Late Preterm Babies Still at Risk for Respiratory Morbidity - But each week of gestation reduces risk of respiratory distress, other morbidity - ModernMedicine
Late Preterm Babies Still at Risk for Respiratory MorbidityBut each week of gestation reduces risk of respiratory distress, other morbidity


TUESDAY, July 27 (HealthDay News) -- Late preterm babies -- those born at 34 to 37 weeks' gestation -- are more likely than full-term babies to suffer respiratory distress syndrome and other respiratory morbidity, though the risk decreases with each additional week of gestation, according to research in the July 28 issue of the Journal of the American Medical Association.

Judith U. Hibbard, M.D., of the University of Illinois in Chicago, and colleagues studied data on 233,844 U.S. births from 2002 to 2008, looking for neonates with respiratory compromise admitted to neonatal intensive care units (NICUs), and comparing late preterm births with full-term births to assess short-term respiratory morbidity in the two groups.

The researchers found that 2,032 of 19,334 babies born late preterm were admitted to NICUs with respiratory morbidity, compared with 1,874 out of 165,993 full-term babies.

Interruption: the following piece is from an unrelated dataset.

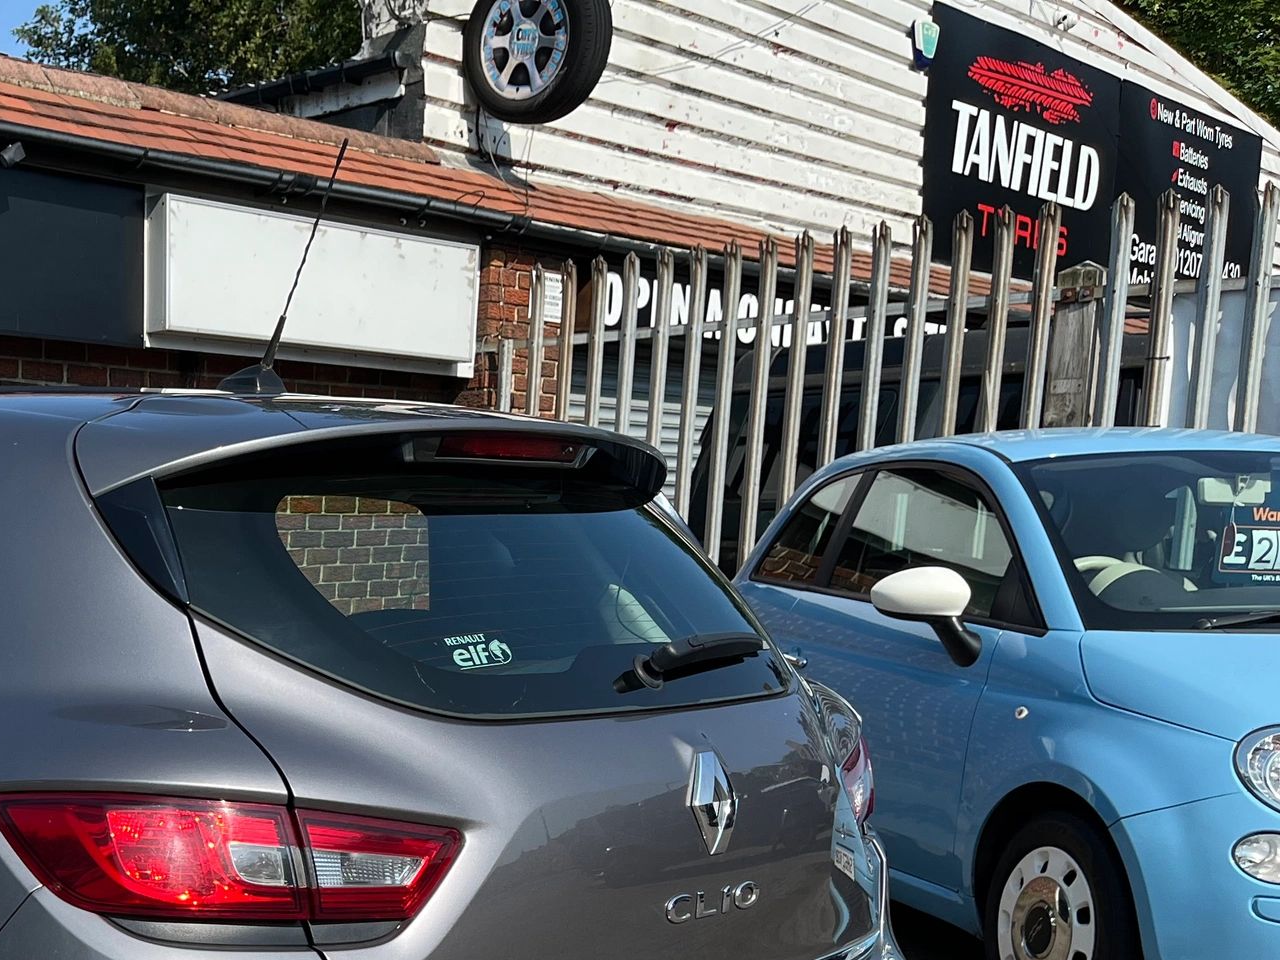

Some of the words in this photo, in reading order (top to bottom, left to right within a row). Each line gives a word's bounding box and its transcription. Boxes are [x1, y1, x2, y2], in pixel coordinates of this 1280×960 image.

Respiratory distress syndrome was found in 10.5 and 0.3 percent of babies born at 34 and 38 weeks' gestation, respectively. Incidence of transient tachypnea of the newborn was also higher in babies born at 34 weeks than babies born at 38 weeks (6.4 versus 0.4 percent). The odds for respiratory distress syndrome decreased as gestation approached 38 weeks, at which point the odds were the same as for 39 to 40 weeks. The researchers noted similar patterns for transient tachypnea of the newborn, pneumonia, and respiratory failure.

"We suggest that future studies should focus on indications for late preterm birth. Only by more completely understanding reasons for rising rates of late preterm birth might clinicians be able to initiate salutary interventions to decrease neonatal respiratory morbidity," the authors write.